The program handles integers \$n\$ in the range \$-2^{63} \le n < 2^{63}\$.

Code

/**
 * Integer to Japanese reading
 *
 * Japanese reading is written in Hepburn Roomaji. Traditional
 * Hepburn is used to avoid the need of macrons.
 */
#include <cassert>
#include <cstdint>
#include <iostream>
#include <string>
#include <vector>
using number_t = std::int_fast64_t;
const std::vector<std::string> magnitudes = {
 "", "man", "oku", "choo", "kee",
};
const std::vector<std::string> thousands = {
 "", "sen", "nisen", "sanzen", "yonsen",
 "gosen", "rokusen", "nanasen", "hassen", "kyuusen",
};
const std::vector<std::string> hundreds = {
 "", "hyaku", "nihyaku", "sanbyaku", "yonhyaku",
 "gohyaku", "roppyaku", "nanahyaku", "happyaku", "kyuuhyaku",
};
const std::vector<std::string> tens = {
 "", "juu", "nijuu", "sanjuu", "yonjuu",
 "gojuu", "rokujuu", "nanajuu", "hachijuu", "kyuujuu",
};
const std::vector<std::string> ones = {
 "", "ichi", "ni", "san", "yon",
 "go", "roku", "nana", "hachi", "kyuu",
};
// returns 10000^n
constexpr number_t magnitude(std::size_t n)
{
 number_t result = 1;
 while (n--)
 result *= 10000;
 return result;
}
constexpr bool is_vowel(char c)
{
 switch (c) {
 case 'a': case 'e': case 'i': case 'o': case 'u': case 'y':
 return true;
 default:
 return false;
 }
}
// joins two strings according to Japanese rules
void push(std::string& lhs, const std::string& rhs)
{
 if (lhs.back() == 'n' && is_vowel(rhs.front()))
 lhs += '\'';
 lhs += rhs;
}
// converts nonnegative numbers less than 10000
std::string group_name(number_t number)
{
 assert(0 <= number && number < 10000);
 std::string result = thousands[number / 1000];
 number %= 1000;
 push(result, hundreds[number / 100]);
 number %= 100;
 push(result, tens[number / 10]);
 number %= 10;
 push(result, ones[number]);
 return result;
}
std::string to_Japanese(number_t number)
{
 if (number == 0)
 return "zero";
 std::string result;
 if (number < 0) {
 result = "mainasu";
 number = -number;
 }
 number_t mag = magnitude(magnitudes.size() - 1);
 for (std::size_t i = magnitudes.size(); i-- > 0; mag /= 10000) {
 if (auto group = number / mag; group > 0) {
 push(result, group_name(group));
 push(result, magnitudes[i]);
 }
 number %= mag;
 }
 return result;
}
int main()
{
 for (number_t number; std::cin >> number;)
 std::cout << to_Japanese(number) << "\n";
}

Example session

0
zero
1
ichi
2
ni
3
san
6789678967896789
rokusennanahyakuhachijuukyuuchoorokusennanahyakuhachijuukyuuokurokusennanahyakuhachijuukyuumanrokusennanahyakuhachijuukyuu
-1234567898765432
mainasusennihyakusanjuuyonchoogosenroppyakunanajuuhachiokukyuusenhappyakunanajuurokumangosen'yonhyakusanjuuni

Japanese numerals

(You can skip this part if you are familiar with Japanese.)

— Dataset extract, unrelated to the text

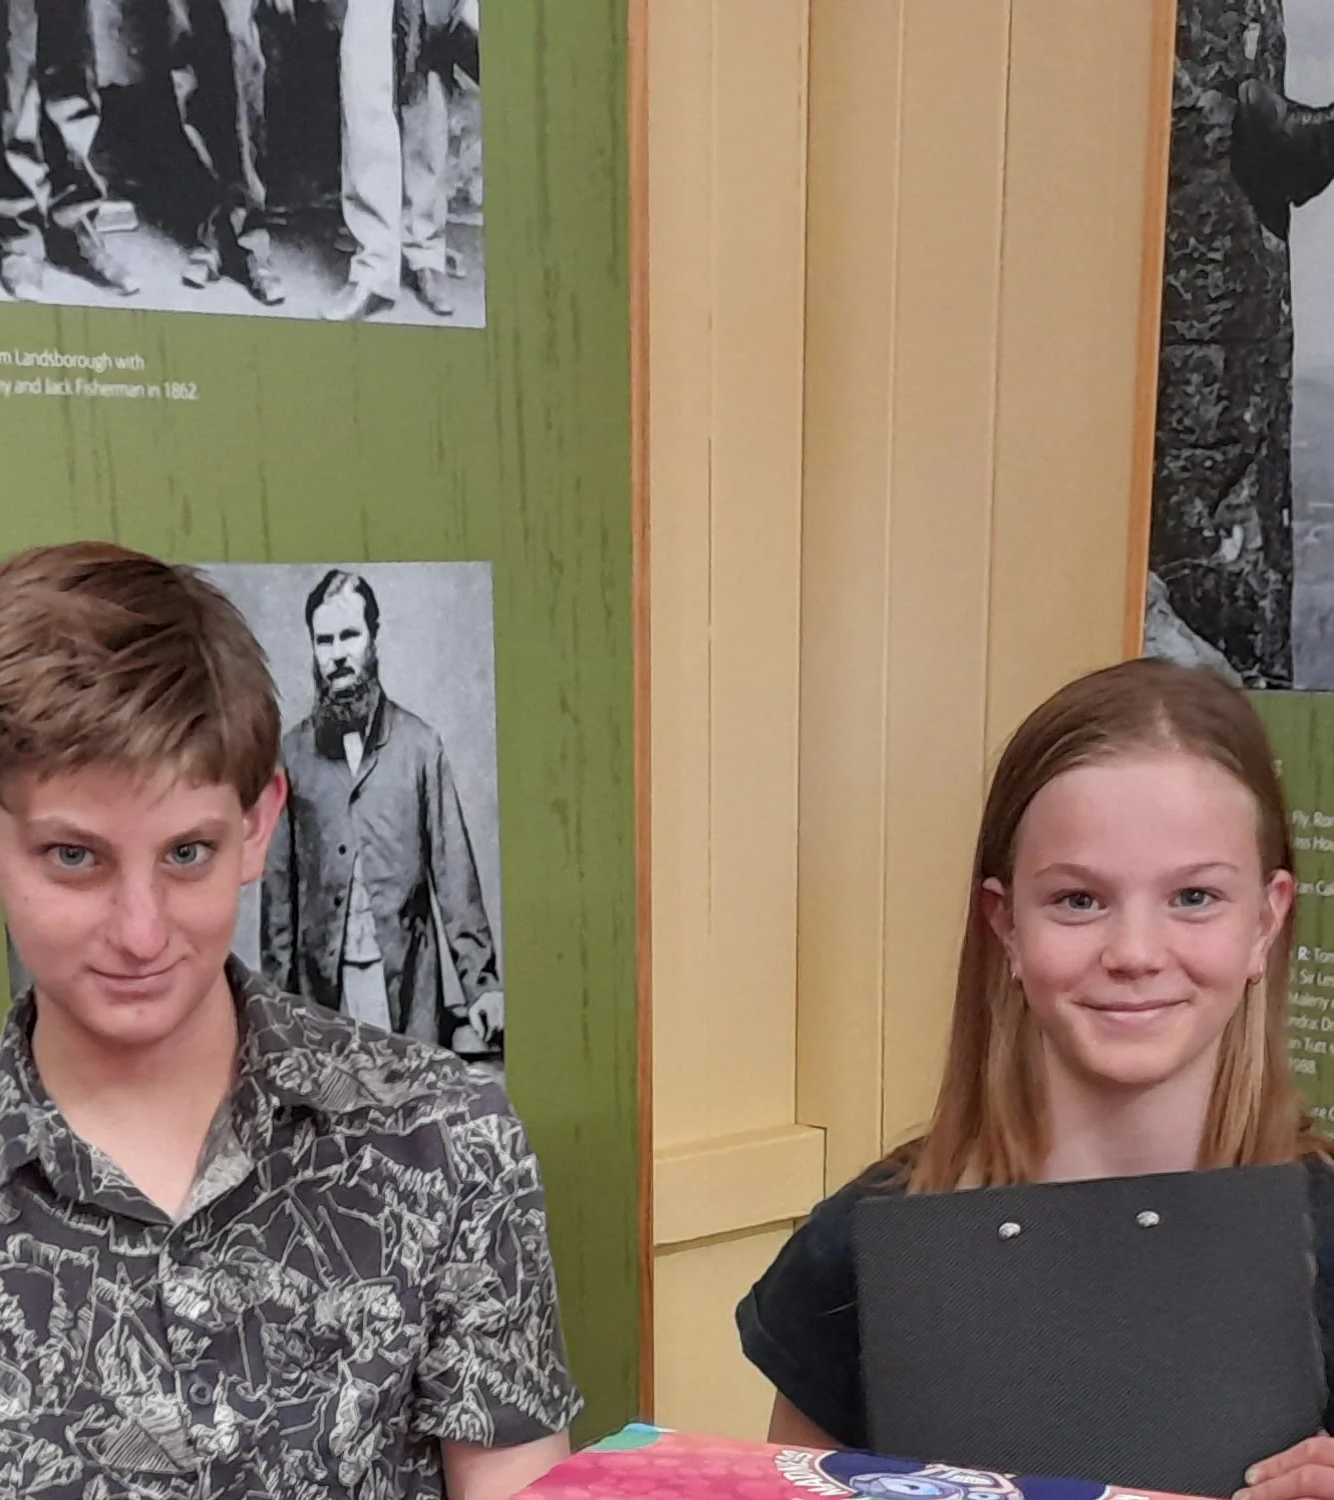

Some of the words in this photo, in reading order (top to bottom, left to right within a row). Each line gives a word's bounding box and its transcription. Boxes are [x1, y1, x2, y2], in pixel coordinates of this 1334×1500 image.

In the following table, red entries involve sound change.

\begin{array}{ll} \text{Number} & \text{Japanese reading} \\ 1 & \text{一 (ichi)} \\ 2 & \text{二 (ni)} \\ 3 & \text{三 (san)} \\ 4 & \text{四 (yon)} \\ 5 & \text{五 (go)} \\ 6 & \text{六 (roku)} \\ 7 & \text{七 (nana)} \\ 8 & \text{八 (hachi)} \\ 9 & \text{九 (kyuu)} \\ 10 & \text{十 (juu)} \\ 20 & \text{二十 (nijuu)} \\ 30 & \text{三十 (sanjuu)} \\ 40 & \text{四十 (yonjuu)} \\ 50 & \text{五十 (gojuu)} \\ 60 & \text{六十 (rokujuu)} \\ 70 & \text{七十 (nanajuu)} \\ 80 & \text{八十 (hachijuu)} \\ 90 & \text{九十 (kyuujuu)} \\ 100 & \text{百 (hyaku)} \\ 200 & \text{二百 (nihyaku)} \\ 300 & \text{三百 } \color{red}{\text{(sanbyaku)}} \\ 400 & \text{四百 (yonhyaku)} \\ 500 & \text{五百 (gohyaku)} \\ 600 & \text{六百 } \color{red}{\text{(roppyaku)}} \\ 700 & \text{七百 (nanahyaku)} \\ 800 & \text{八百 } \color{red}{\text{(happyaku)}} \\ 900 & \text{九百 (kyuuhyaku)} \\ 1000 & \text{千 (sen)} \\ 2000 & \text{二千 (nisen)} \\ 3000 & \text{三千 } \color{red}{\text{(sanzen)}} \\ 4000 & \text{四千 (yonsen)} \\ 5000 & \text{五千 (gosen)} \\ 6000 & \text{六千 (rokusen)} \\ 7000 & \text{七千 (nanasen)} \\ 8000 & \text{八千 } \color{red}{\text{(hassen)}} \\ 9000 & \text{九千 (kyuusen)} \\ \end{array}

Larger numbers are considered the sums of smaller numbers. For example:

\begin{array}{ccccccc} 2019 & = & 2000 & + & 10 & + & 9 \\ \text{二千十九 (nisenjuukyuu)} & & \text{二千 (nisen)} & & \text{十 (juu)} & & \text{九 (kyuu)} \end{array}

The missing hundred place is simply ignored.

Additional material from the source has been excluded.